À l’heure où le gouvernement s’enferre dans son débat sur une hypothétique identité nationale, d’autres font de l’intégration des diversités culturelles un passage obligé, sinon un thème de recherche. C’est le cas de François Mangeol, 25 ans, fraîchement diplômé, l’an passé, de l’École supérieure d’art et de design de Saint-Étienne (Loire). Cet as du graphisme – il a, par exemple, dessiné, avec Julie Cornieux et Damien Crabol, la signalétique de la 5e Biennale internationale de design de Saint-Étienne (2006), et, avec Allan Durand, la nouvelle identité visuelle du site web du designer Éric Jourdan (2009) – est l’auteur d’un objet pas si habituel chez les créateurs actuels : un tapis. Le sien est immense : il mesure 4,92 mètres sur 2,88 mètres et son poids avoisine les… 100 kilos de laine pure. Originalité : ledit tapis mélange deux cultures distinctes, Orient et Occident, d’où son nom : Occidorient. Du Levant, François Mangeol a retenu la double fonction du tapis persan : pratique et symbolique.

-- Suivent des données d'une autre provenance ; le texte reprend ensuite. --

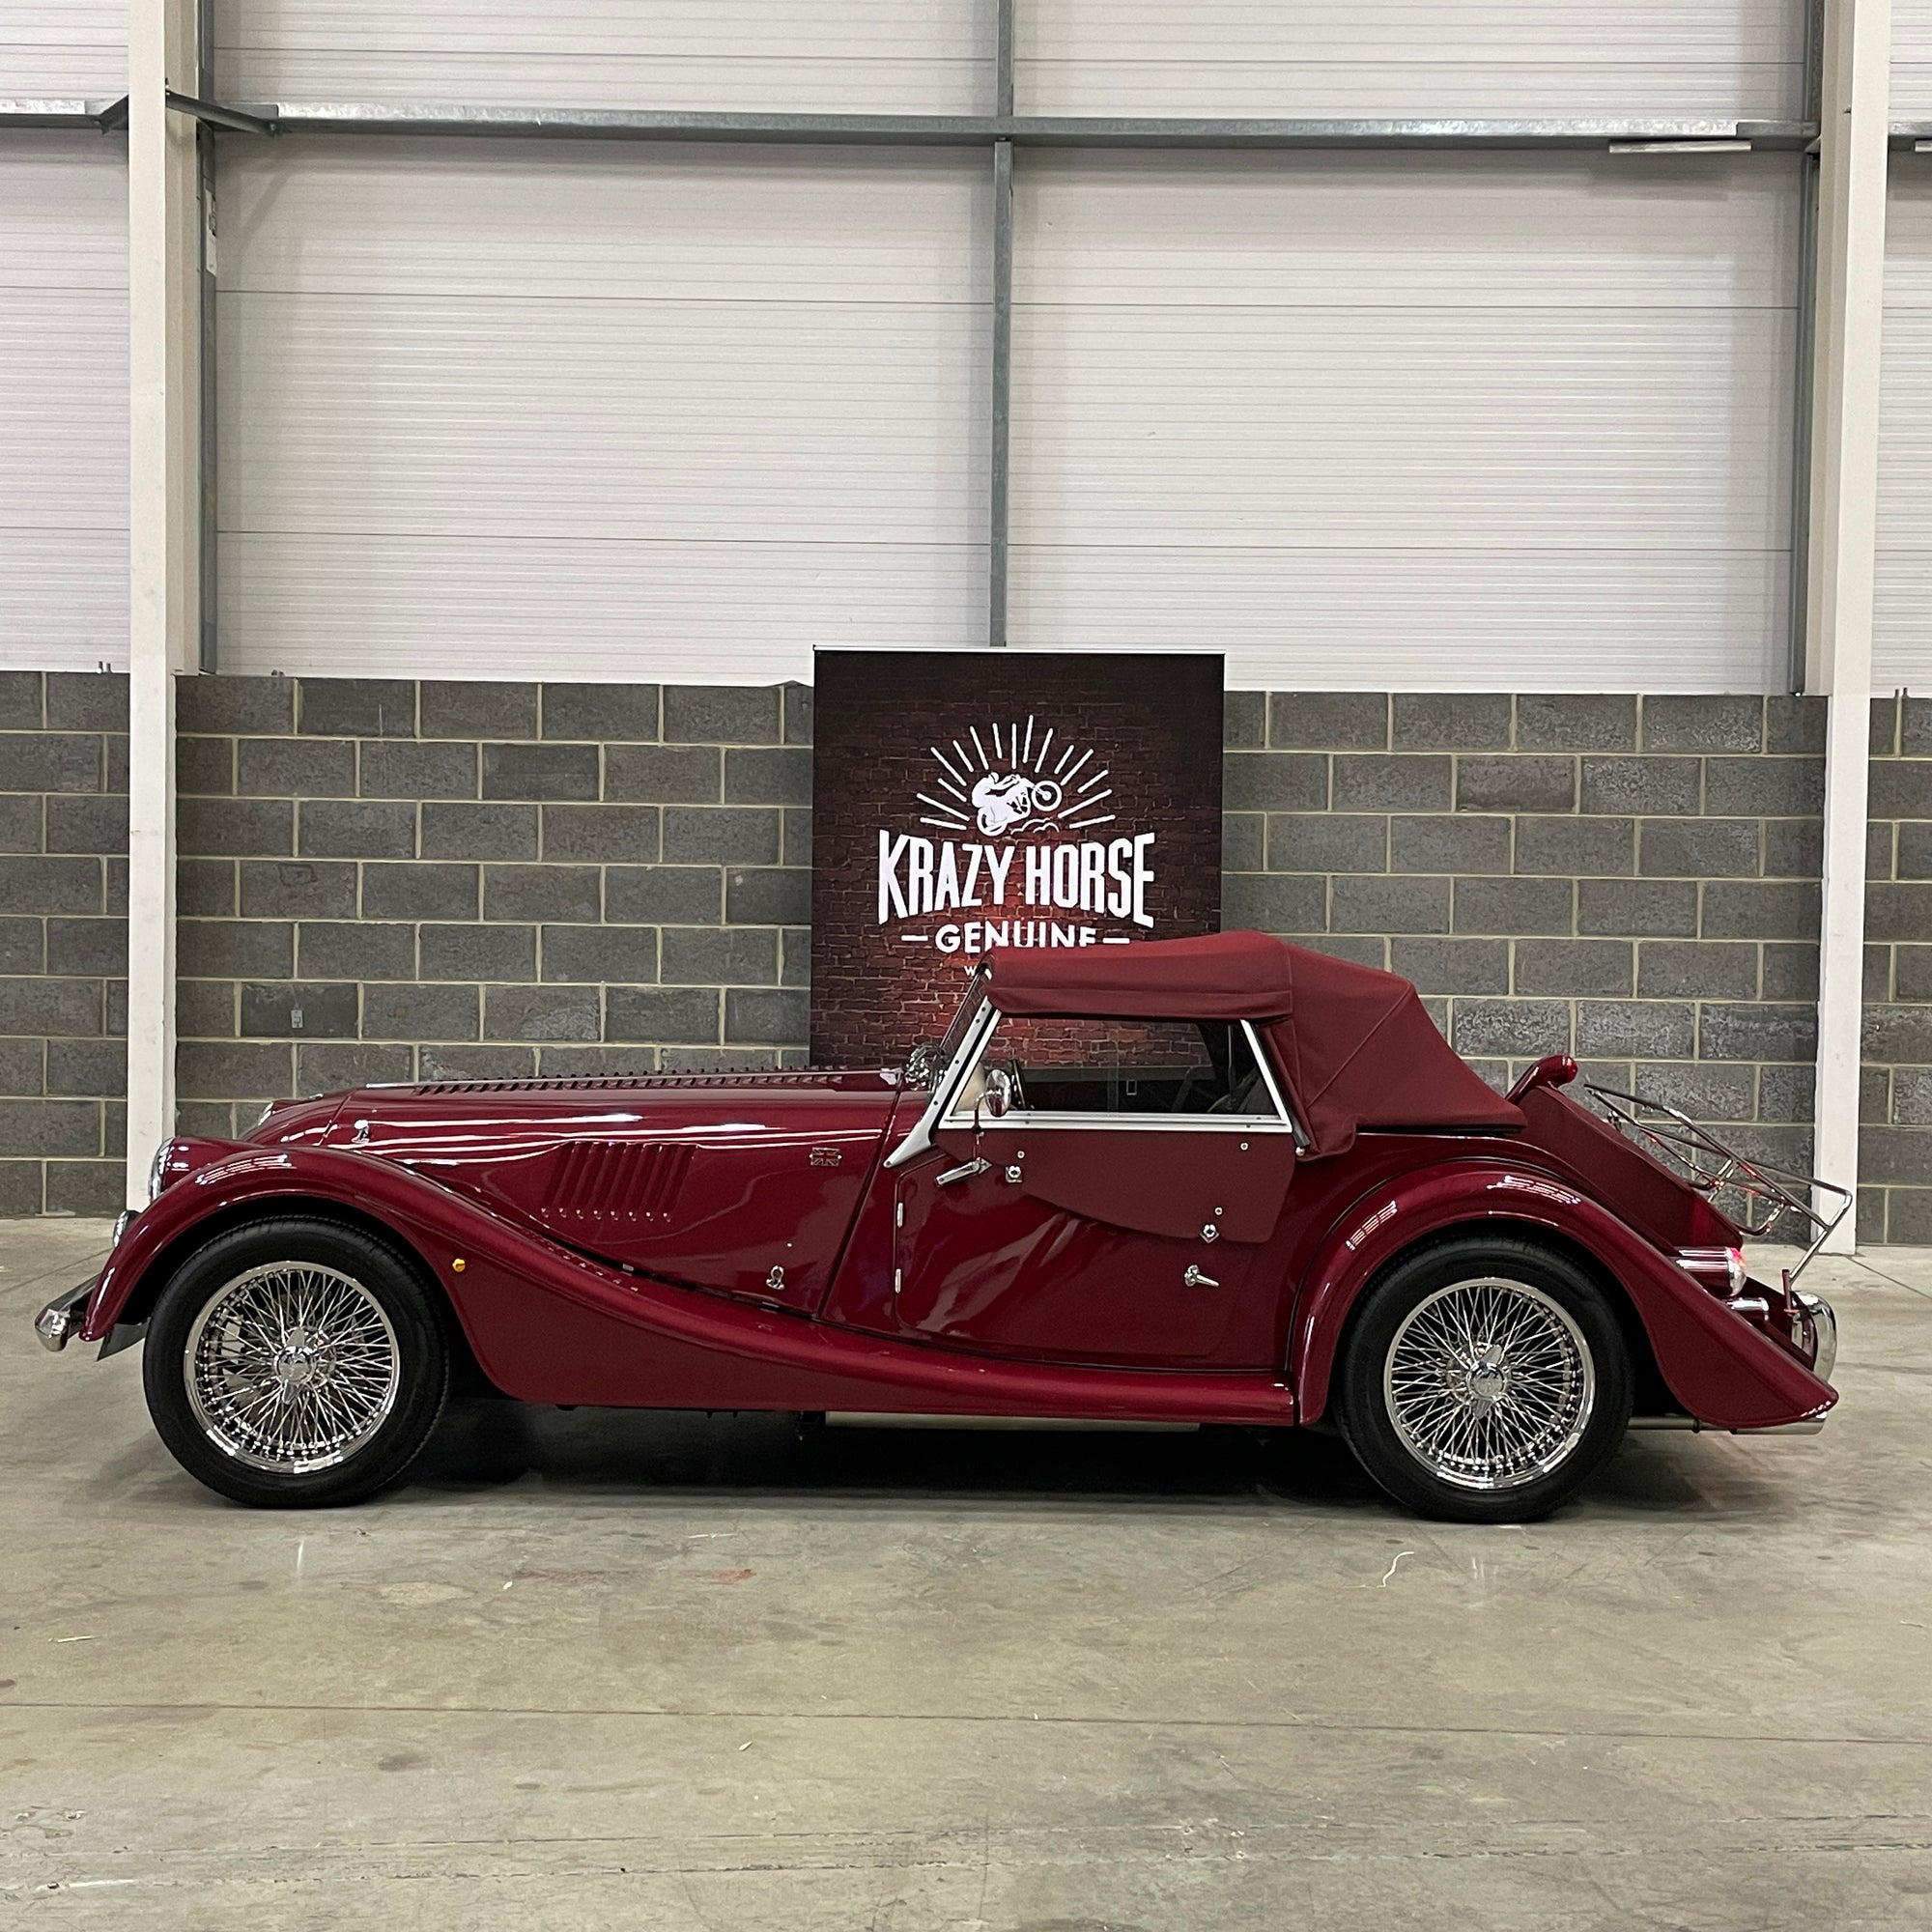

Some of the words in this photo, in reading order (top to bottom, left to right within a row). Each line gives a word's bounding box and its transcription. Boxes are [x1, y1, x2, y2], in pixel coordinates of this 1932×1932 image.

[878, 829, 1015, 925] KRAZY
[1025, 832, 1155, 928] HORSE
[935, 920, 1096, 953] GENUINE
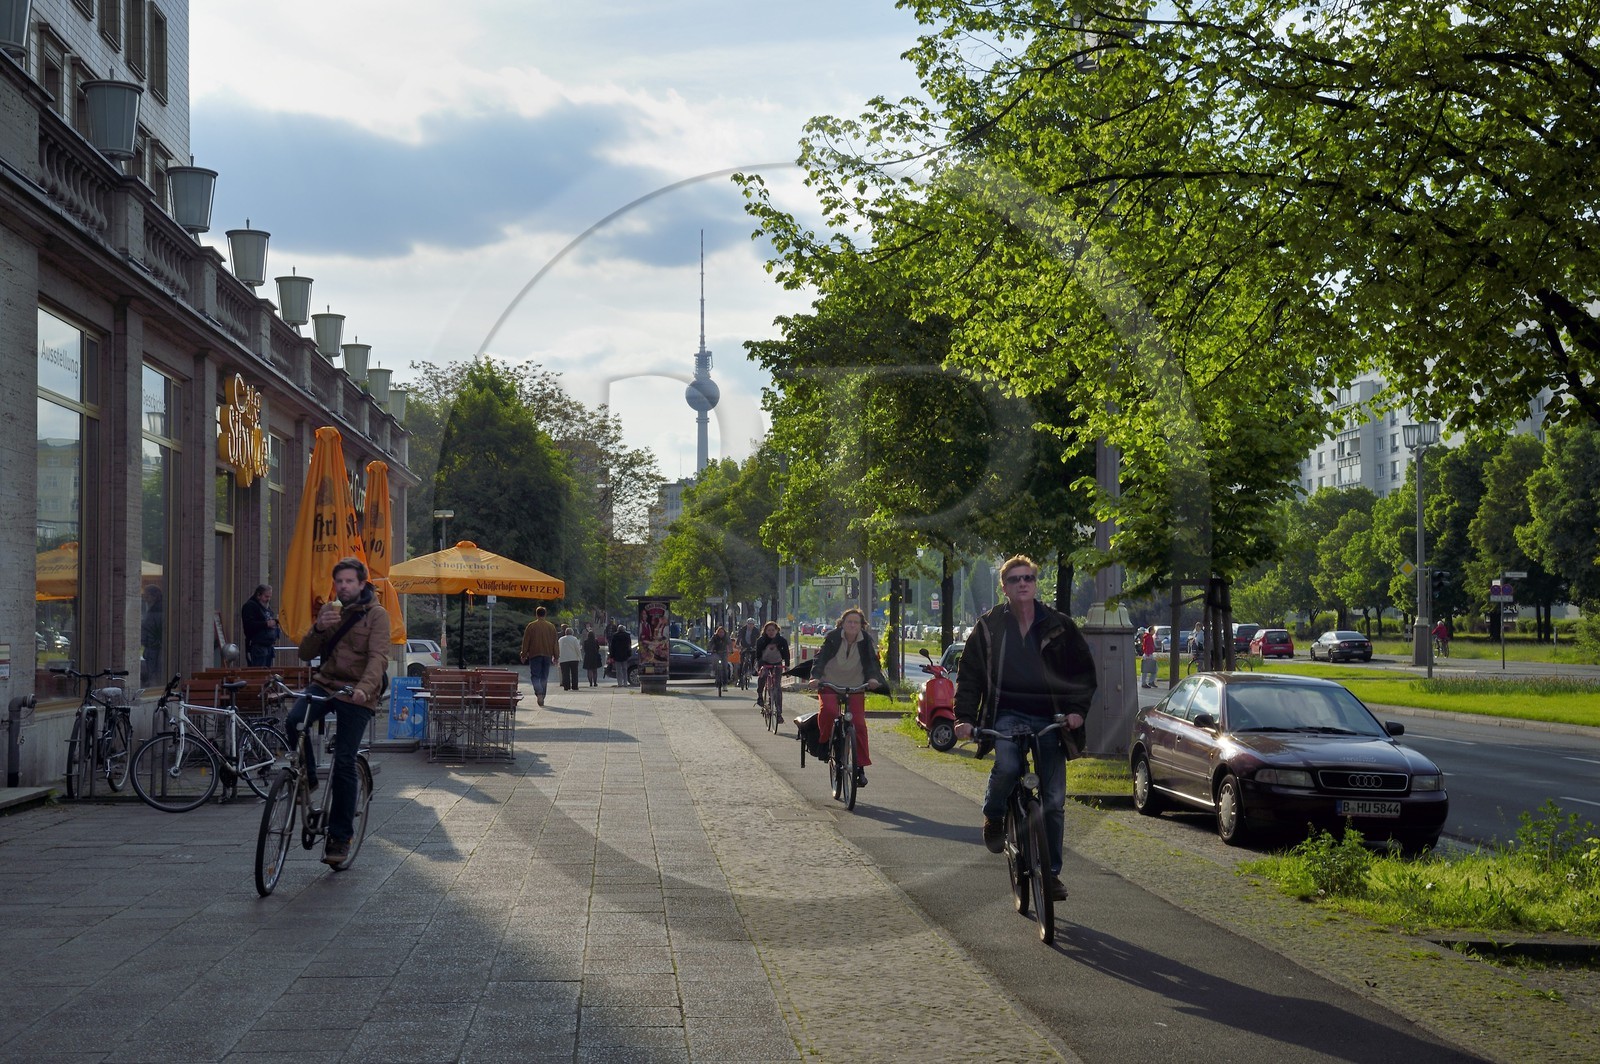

Outre son utilité en tant qu’objet, celui-ci a aussi fonction essentielle de représentation, voire porte au divin. « Construit comme un ouvrage d’architecture, le tapis persan figure un plan d’ensemble, explique François Mangeol. Il constitue un espace magique habité par la sphère de l’univers. » Du ponant, le designer a choisi l’emblématique et très populaire typographie Times New Roman, laquelle évoque, selon lui, une « synthèse créée du monde occidental » parce qu’elle est « équilibrée, élégante et simple ». Née au début des années 1930 et rendue mondialement célèbre par la firme Microsoft qui en a fait le caractère par défaut de son logiciel d’édition Word, cette police de caractères est encore aujourd’hui amplement utilisée par les maisons d’édition de livres parce qu’elle facilite la lecture et permet d’économiser de la place sur la page. François Mangeol, lui, en use comme motif. À l’aide d’un logiciel informatique, il est venu progressivement, par agrégation, habiter l’entière surface du tapis, des bordures extérieures jusqu’aux champs intérieurs, et ce, sans aucune déformation des caractères. « J’ai poussé à l’extrême le principe même de fabrication d’un tapis persan, la répétition des motifs, jusqu’à remplir l’espace du tapis pour en tirer un nouveau langage, tout à la fois familier et abstrait », souligne Mangeol. La typographie Times New Roman se métamorphose alors en une étonnante calligraphie au faux air orientalisant.
« Tufté main »
Autre particularité de ce tapis : il est en noir et blanc ou, plus exactement, en gris et blanc, un gris très dense et un blanc qui lui, au contraire, a été décoloré aux ultraviolets. Une combinaison qui, au final, génère un effet chromatique des plus raffinés. Comme on dirait d’une photographie, le motif est d’une haute définition. C’est la méthode de fabrication, le fameux « tufté main », qui permet une telle précision. Cette technique consiste à fixer au moyen d’un « pistolet à aiguille » des fibres de laine au travers d’une toile (un canevas en coton) tendue sur un métier vertical. On peut ainsi implanter les fibres, brin par brin, et reproduire le motif avec quasiment la minutie d’un pixel d’image numérique. Le tissage est l’œuvre des tapissiers de la manufacture de tapis Tisca, à Moroges (Saône-et-Loire). Temps de fabrication de la pièce : un mois et demi. Pour passer à la commercialisation proprement dite et selon le fameux dicton « On n’est jamais aussi bien servi que par soi-même », François Mangeol vient, avec deux partenaires, Vincent Lemarchands et Valérie Gonot, de créer, à Saint-Étienne, une société d’édition d’objets baptisée Édition sous étiquette (ÉSÉ). Au final, seul un élément de ce tapis reflète davantage l’Occident que l’Orient : son prix, 25 000 euros. Comme dirait un facétieux Anglo-Saxon : « Carpet diem ! »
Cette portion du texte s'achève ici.